Medical Device Daily Washington Editor

WASHINGTON – “The best way to predict the future is to invent it.”

The quote belongs to Alan Kay, one of the pioneers of personal computing in the 1970s and 1980s. Kay’s work led to the development of today’s modern computer workstations, including the use of overlapping-window interfaces, desktop publishing, and even laser printing.

In an address during this week’s annual meeting of the Medical Device Manufacturers Association (MDMA; Washington), Mark McClellan, administrator of the Centers for Medicare & Medicaid Services (CMS, Baltimore), borrowed Kay’s words to describe some of the changes currently under way at his agency.

This is the third year in a row McClellan, formerly FDA commissioner, has spoken at the MDMA meeting. This year’s talk highlighted the agency’s more aggressive policy of technological adoption leading to better patient outcomes.

“So much of what we are trying to achieve with our country’s health policy depends on medical technology to bring better, safer medical technologies,” he told the device audience at the Madison Hotel here on Wednesday. “We need to work together to find better ways for doctors and patients to use these devices to achieve greater benefit, while avoiding excess spending, and making the process as efficient as possible.”

McClellan said that when he thinks of the device sector, he often thinks of the information technology revolution. He said Kay’s quote is fitting for medical devices. “There are lots of small medical device and technology companies working hard to make healthcare better,” he said.

Government’s role should foster innovation, not hinder it, McClellan said, which means agencies such as CMS need to take a more active role in understanding and following the technology, then making it available to its beneficiaries.

“Really smart people with reasonable funding can do just about anything that doesn’t violate too many of Newton’s laws,” he said, quoting Kay again. But he said that most device companies would probably add, “Don’t run afoul of the FDA approval process and Medicare coverage decisions.”

McClellan said there’s a balancing act in government’s involvement in healthcare. “Government’s substantial involvement in financing means product markets are much larger than if individuals had to pay for the care and technology on their own, without government subsidies,” he said. “But the concerning side of course is what happens if requirements get in the way of adding real value because they are not based on the best and latest science.”

As part of the Medicare Modernization Act (MMA), the agency’s goal, in addition to the very public debate about prescription drugs, is to make its actions “more transparent, predictable and evidence-based,” McClellan said.

The word “transparent” is bandied about a lot in Washington, but he said CMS’s activities since the beginning of the year and going forward will demonstrate how the agency is transitioning from payer to healthcare provider.

“This is the best opportunity in a generation to fundamentally improve our system for improving the delivery of healthcare in this country,” he said. “We are making policy more focused on quality, more responsive to patient preferences, market forces, and more alert to cost. And to award those companies that meet those core goals.”

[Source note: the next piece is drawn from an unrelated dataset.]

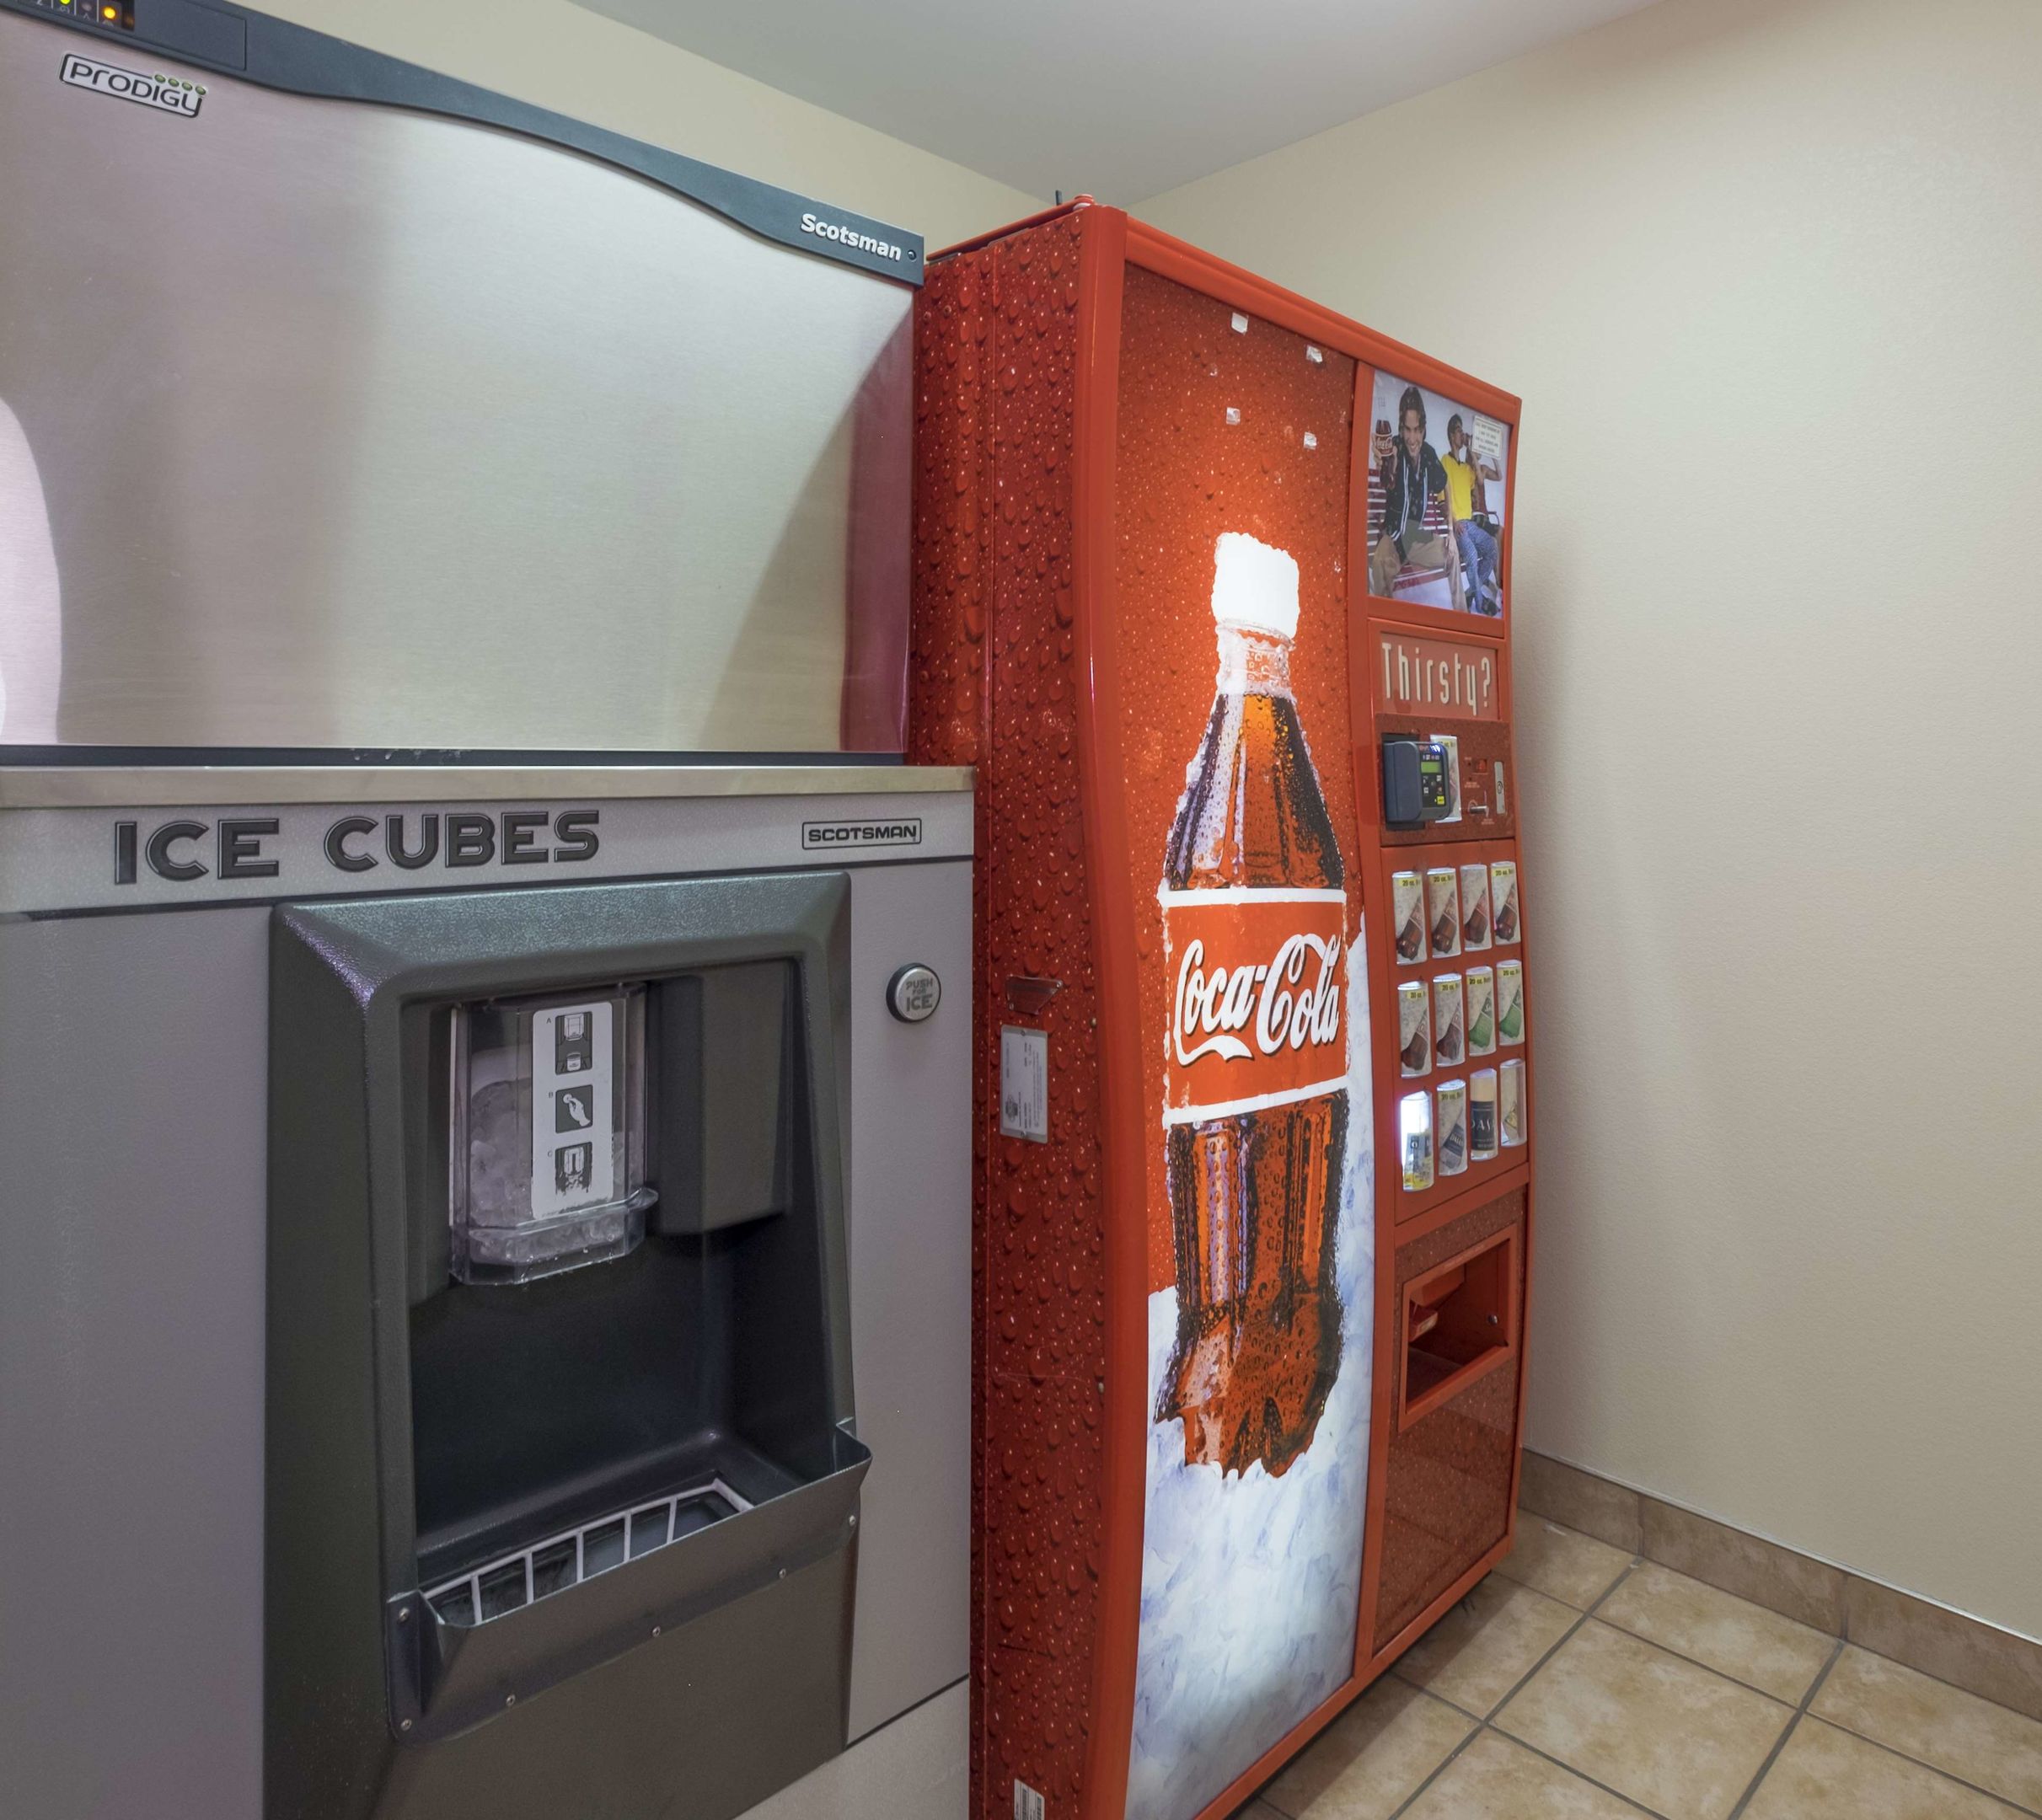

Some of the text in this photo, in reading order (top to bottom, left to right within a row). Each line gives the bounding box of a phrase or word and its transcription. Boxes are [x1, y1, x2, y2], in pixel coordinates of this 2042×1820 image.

The key to program savings is to support innovative new treatments that help patients live longer and better lives, McClellan said. Because the CMS program is so large – more than $500 billion spent last year – its actions have an impact on the overall healthcare system in the United States.

McClellan said new coverage decisions have included new preventative care and screenings, and the push toward electronic prescribing and electronic medical records. “There has not been enough progress in electronic records or coordinated care,” he said. “We are not preventing complications as much as we should, supporting the business case for improved quality.”

Most of what Medicare spends today deals with complications of chronic diseases after they occur – dialysis, controlling diabetes, complications with lung disease – all of which can be avoided with more proactive care, McClellan said.

CMS’s latest push toward pay-for-performance initiatives and coverage with evidence decisions are all examples of the how the agency is using and embracing greater technological innovation, the administrator said. “Hospitals get paid more when patients get better care, when there are fewer complications, readmissions, lower costs overall,” McClellan explained. “Until now, there wasn’t a business case for it because Medicare previously paid you less for fewer visits.”

Devices have played a big role in much of CMS’s most recent coverage decisions and the push for its coverage with evidence development initiative, including implantable cardioverter defibrillators and ultrasound treatment for healing bone fractures (Medical Device Daily, May 18, 2005).

“The best way to maximize quality of outcomes is to use new technology as effectively as possible and to maximize investment in medical devices and other innovation,” he said. “Effective public-private partnerships are key to success in this area.”

Nancy Briefs, new MDMA chair and president and CEO of Percardia (Merrimack, New Hampshire), said the MMA is good news for devices. “The MMA will have a profound impact on the medical device industry – payment of new technologies, increased coverage in clinical trials and enhancements to the national coverage policy,” she said.